Soon after the earthquake, the mayor of Kurihara, a disaster area, called the Israeli embassy in Japan and requested a delegation. According to Akiko Nakayama, who works as an information officer in the embassy, the Israeli government immediately agreed.

“He [the mayor] had a close relationship with Israel,” said Ms. Nakayama to The Boiling Point.  “He used to volunteer in a kibbutz in Israel when he was young.”

Ms. Nakayama asserted that the 50-member IDF delegation, the first medical team to arrive in Japan, set up a field hospital based in Minami Sanriku, which the tsunami had almost completely destroyed.

“Israel was the first one,” she said. “Some of the countries have a rescue team but not medical delegations.”

The delegation stayed from March 27 through April 10.

“The Israeli government sent two charter flights to bring the delegation,” Ms. Nakayama said. “One of the flights was used to bring all kind of materials – medical equipment, food for refugees, and food for themselves. Some of the doctors or nurses keep kosher so they had to bring by themselves their food.”

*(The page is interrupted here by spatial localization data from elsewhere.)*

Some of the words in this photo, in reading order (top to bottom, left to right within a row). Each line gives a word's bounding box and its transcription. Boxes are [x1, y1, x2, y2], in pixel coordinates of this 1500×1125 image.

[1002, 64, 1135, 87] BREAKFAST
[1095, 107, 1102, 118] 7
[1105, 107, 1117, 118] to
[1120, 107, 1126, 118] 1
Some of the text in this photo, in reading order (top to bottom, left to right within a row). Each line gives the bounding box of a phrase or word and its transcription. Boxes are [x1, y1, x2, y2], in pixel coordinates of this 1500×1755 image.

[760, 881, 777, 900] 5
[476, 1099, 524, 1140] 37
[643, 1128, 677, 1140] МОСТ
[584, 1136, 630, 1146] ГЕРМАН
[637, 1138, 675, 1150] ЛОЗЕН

The IDF team set up a kosher kitchen for baking challahs, but it started to run out of kosher food and there was a shortage of water and flour.

According to an email sent from Rabbi Antonio Di Gesu of the JCJ to the community on April 11, “the JCC provided the IDF with approximately 100 freshly-baked challah, 60 kilos of fresh vegetables and 60 frozen chickens that were used this past Shabbat.”

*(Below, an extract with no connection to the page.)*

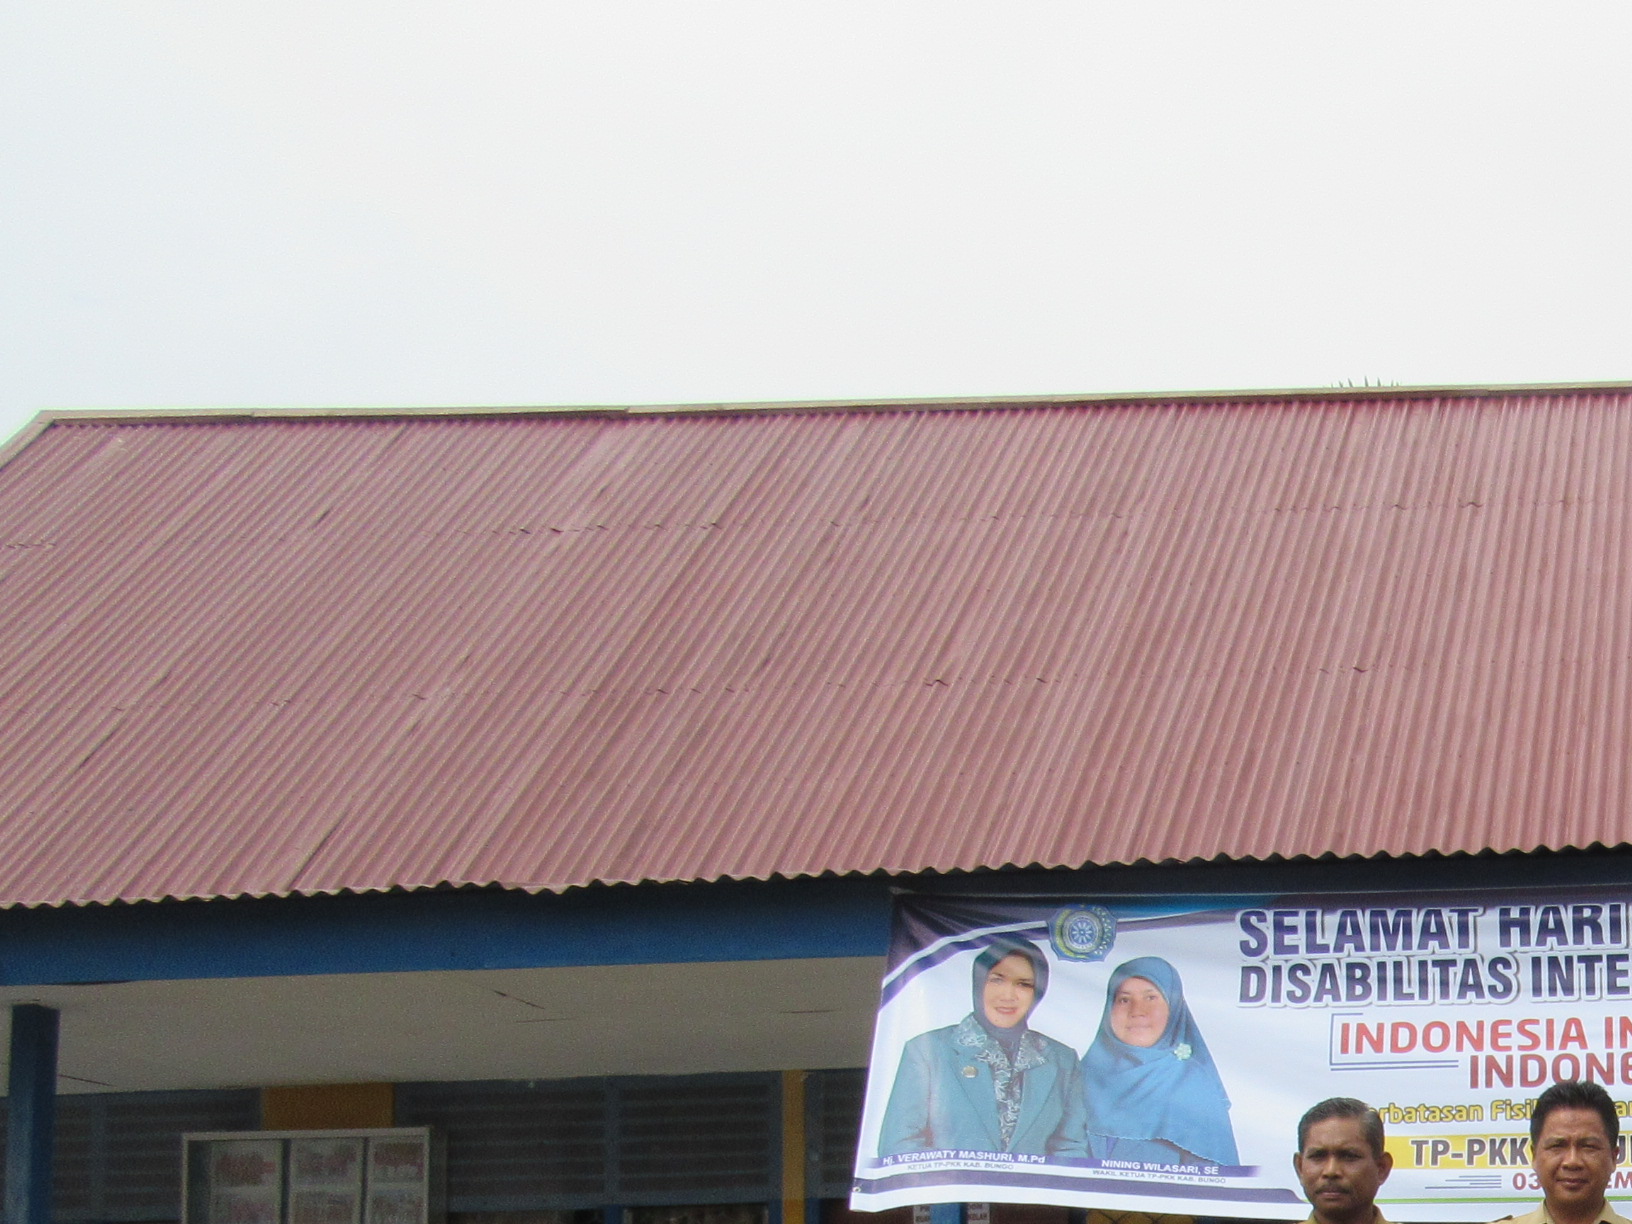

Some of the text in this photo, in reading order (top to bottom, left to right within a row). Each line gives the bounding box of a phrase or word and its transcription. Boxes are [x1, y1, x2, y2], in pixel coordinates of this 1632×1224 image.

Meanwhile, Sunday school students at the JCJ made drawings or wrote letters to the Israeli soldiers “thanking them for all their hard work,” wrote Hannah Rosenfeld, a 16-year-old member of the JCJ, in an e-mail to The Boiling Point. “In the end all of their works were put together into an album and was given to the Israeli medical people.”

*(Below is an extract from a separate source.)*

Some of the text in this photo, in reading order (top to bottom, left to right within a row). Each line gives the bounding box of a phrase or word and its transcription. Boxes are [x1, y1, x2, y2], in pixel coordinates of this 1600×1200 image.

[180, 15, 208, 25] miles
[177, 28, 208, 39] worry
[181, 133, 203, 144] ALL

According to Mr. Greenberg from the JCJ, a significant portion of the Jewish community has left Tokyo from fear of the spread of the radiation.

“I’ve been here 25 years, and I never felt anything like that,” he said. “I went outside and saw shock waves literally on the street. It looked like snakes were crawling on the streets.”

Hannah left Tokyo for two weeks with her family three days after the earthquake, driving south to Nagoya to get further away from the damaged Fukushima nuclear power plant.

“There are a number of kids from both the Jewish community and the school I go to who haven’t returned yet in fear of either another earthquake or a nuclear meltdown, which would be the worst-case scenario,” Hannah wrote.

However, she was impressed with the conduct of the people who stayed.

“I am half American and half Japanese, so I would have to say that I do feel a strong sense of nationalism towards my country,” she wrote. “Even though it’s one of the worst devastations since WWII hit Japan, people are calm, and even in the affected areas people are lining up to get their share and it seems as though the word ‘looting’ doesn’t even exist here.”

Mr. Grossman, who had made the trip to the IDF’s base, said that the interaction between Israel and Japan will affect the two countries’ future relations.

“The fact that Israel could break the ice and get in there and support and give medical treatment is something that is unusual, and the Japanese are very much appreciative of the act of Israel,” he said.